This information is for people who have cancer that has come back or spread - this is called advanced cancer.
Our 'Living well with advanced cancer' booklet is available now.
Living with advanced cancer can be challenging, both physically and emotionally, for people with cancer and whānau.
If you would like to talk with someone about what support is available in your community, call our Cancer Information Helpline 0800 CANCER (226237) to speak with one of our health professionals.
What is advanced cancer?
Advanced cancer is cancer that has spread from the part of the body where it started (the primary cancer) to another part of the body.
This can happen when cells from the primary cancer break away and move around the body through the blood or lymphatic system. While many of the cells will die, some may settle in a new area and start to grow.
Although the cancer is growing in a different part of the body, it is still named after the primary cancer. For example, if bowel cancer has spread to the liver, it is called advanced bowel cancer.
You may also hear people talk about “liver mets”. “Mets” is short for metastasis, which means the cancer has spread.
For example: “you have bowel cancer with liver mets” means, cells from the primary cancer (in the bowel) have spread to the liver and continued to grow.
Your treatment team may use different words to describe cancer that has spread.
You may hear it called:
- metastatic cancer (mets)
- secondary cancer, or
- stage 4 (IV) cancer.
[This image was produced by Cancer Research UK and is used with permission.]
The difference between advanced cancer and terminal cancer
Advanced cancer is a term used to describe cancer that is unlikely to be curable but can be managed with treatment. This is why many people with some types of advanced cancer live well and for a long time.
Terminal cancer is when the cancer is no longer responding to any treatment. Having more treatment or a different treatment is not likely to help. If you have terminal cancer, any medication you are given is to keep you comfortable as you near the end of your life.
Symptoms of advanced cancer
The symptoms of advanced cancer will depend on the part of the body that the cancer has spread to.
For more information about where cancer can spread to, you can read the information in the links below.
Treatment for advanced cancer
Treatment for advanced cancer will depend on the type of cancer you have, where it is in your body and how it will affect you.
The aim is to control the cancer for as long as possible, improve any symptoms, and maintain your quality of life. Sometimes treatment can shrink the size of the cancer or even stop it growing for a while.

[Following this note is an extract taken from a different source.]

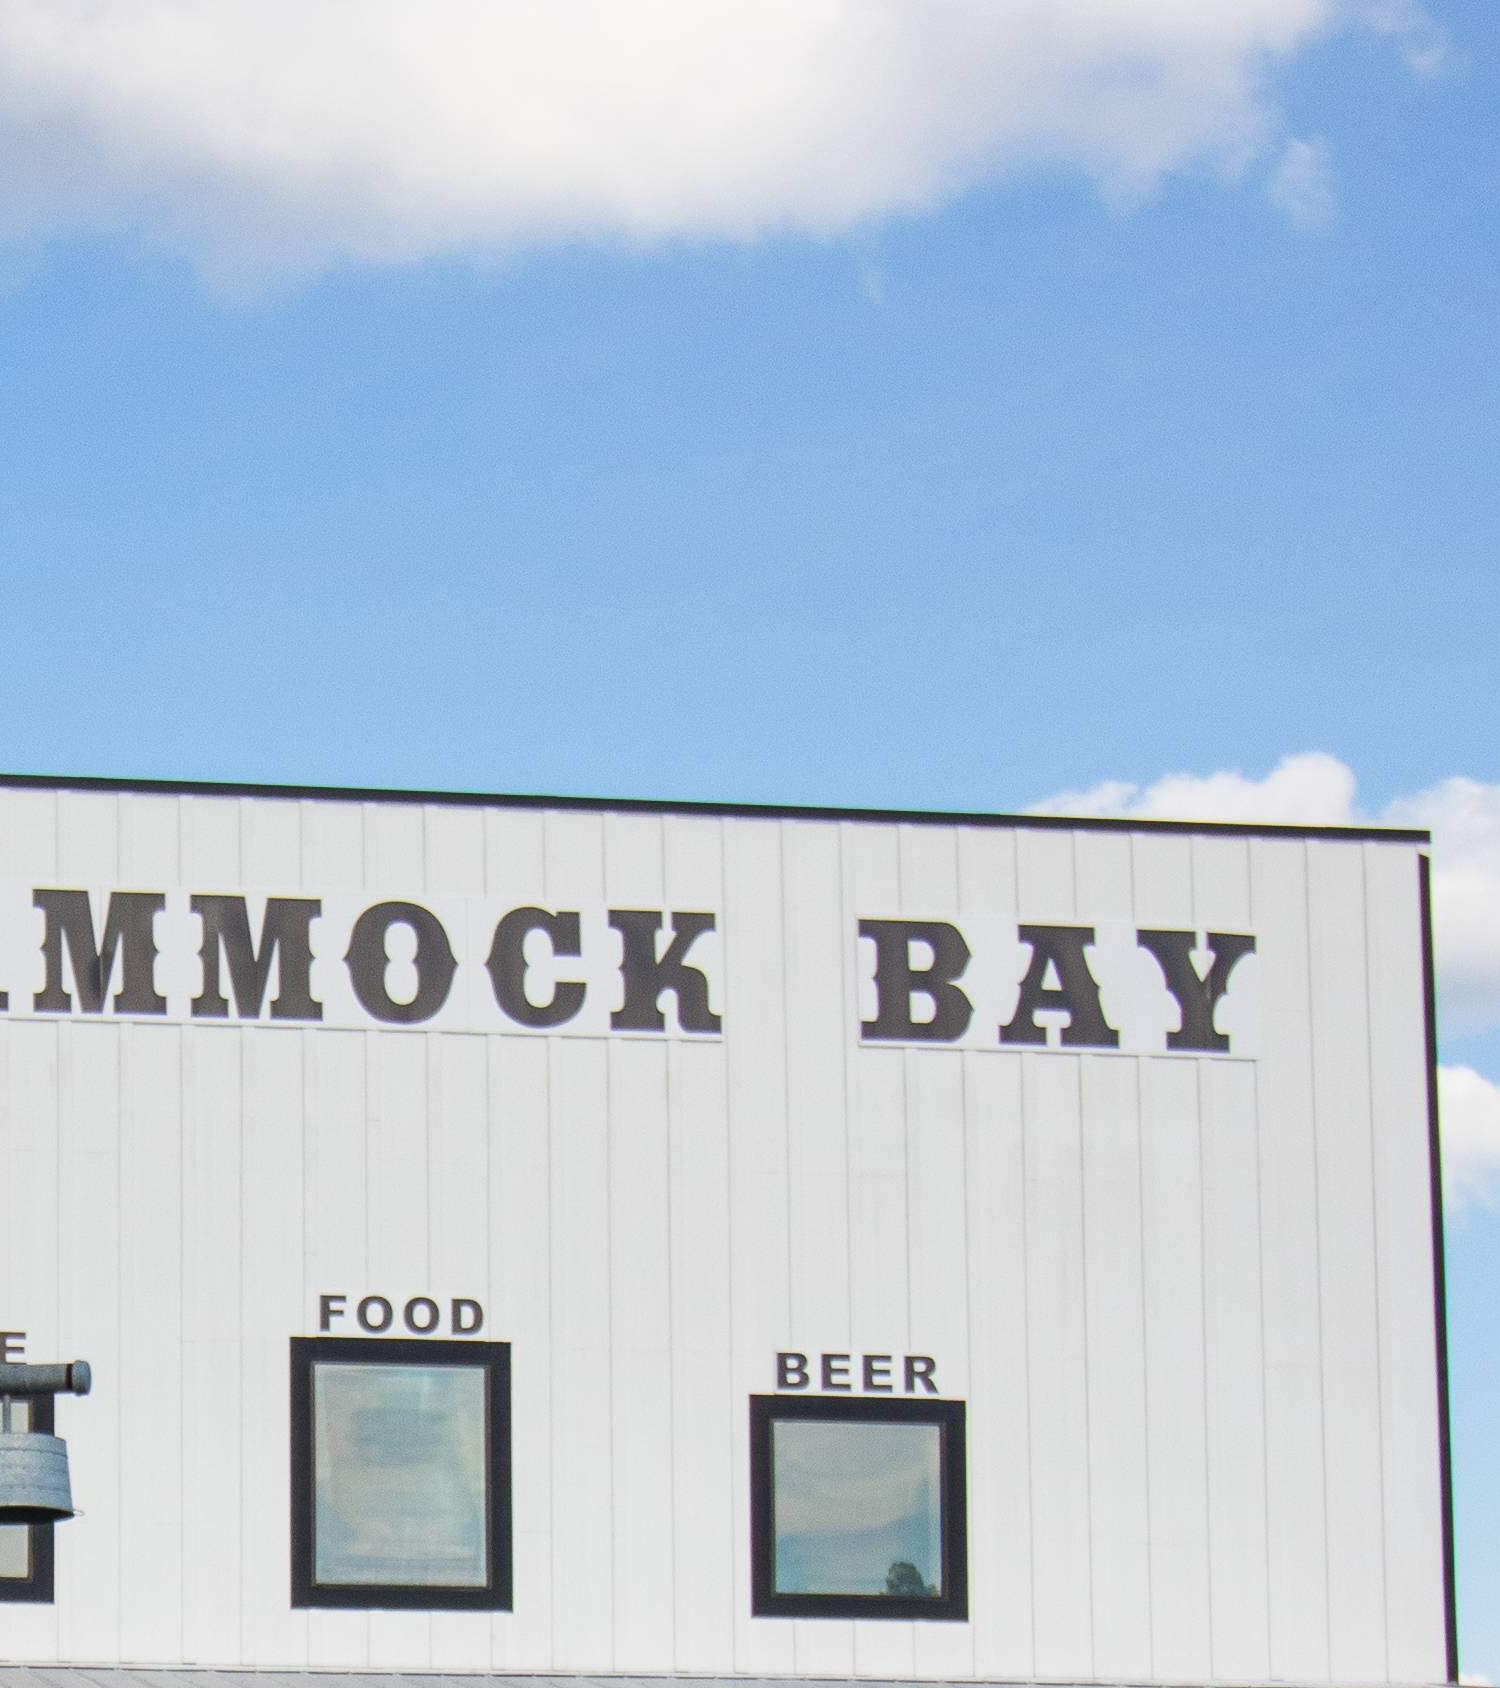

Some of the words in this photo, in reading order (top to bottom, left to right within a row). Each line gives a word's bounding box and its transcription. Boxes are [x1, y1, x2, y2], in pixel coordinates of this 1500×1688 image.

Advanced cancer is often managed with more than one type of treatment.
Your treatment may include:
- Hormone treatment
- Radiation treatment
- Specialist palliative care
- Supportive care
- Surgery (in some cases)
- Targeted treatments
- Traditional healing or complementary therapy
Sometimes there will be no benefit in having cancer treatments (such as radiation or chemotherapy), but you will always be offered supportive care.
Supportive care includes the management of physical symptoms, emotional and spiritual support, and guidance to help you plan for the future.
Supportive care will mostly be provided by your primary health care team, Cancer Society support workers, and specialist palliative care services.
If the symptoms you are experiencing are difficult to manage, you and your whānau may be referred to a specialist palliative care service.
Specialist palliative care helps with the physical and emotional needs of people with advanced cancer, and can link you with practical support in your local area. Care can be provided at home or in a hospital, rest home, or hospice by doctors, nurses, social workers, spiritual care workers, and cultural health services.
Advance care planning
An important part of planning ahead is preparing an advance care plan.
Advance care planning helps you, and the people important to you, to talk about the treatment and care you may want towards the end of your life. This will guide your whānau and doctors if you can no longer tell them yourself. Advance care planning is voluntary — no one can force you to do it.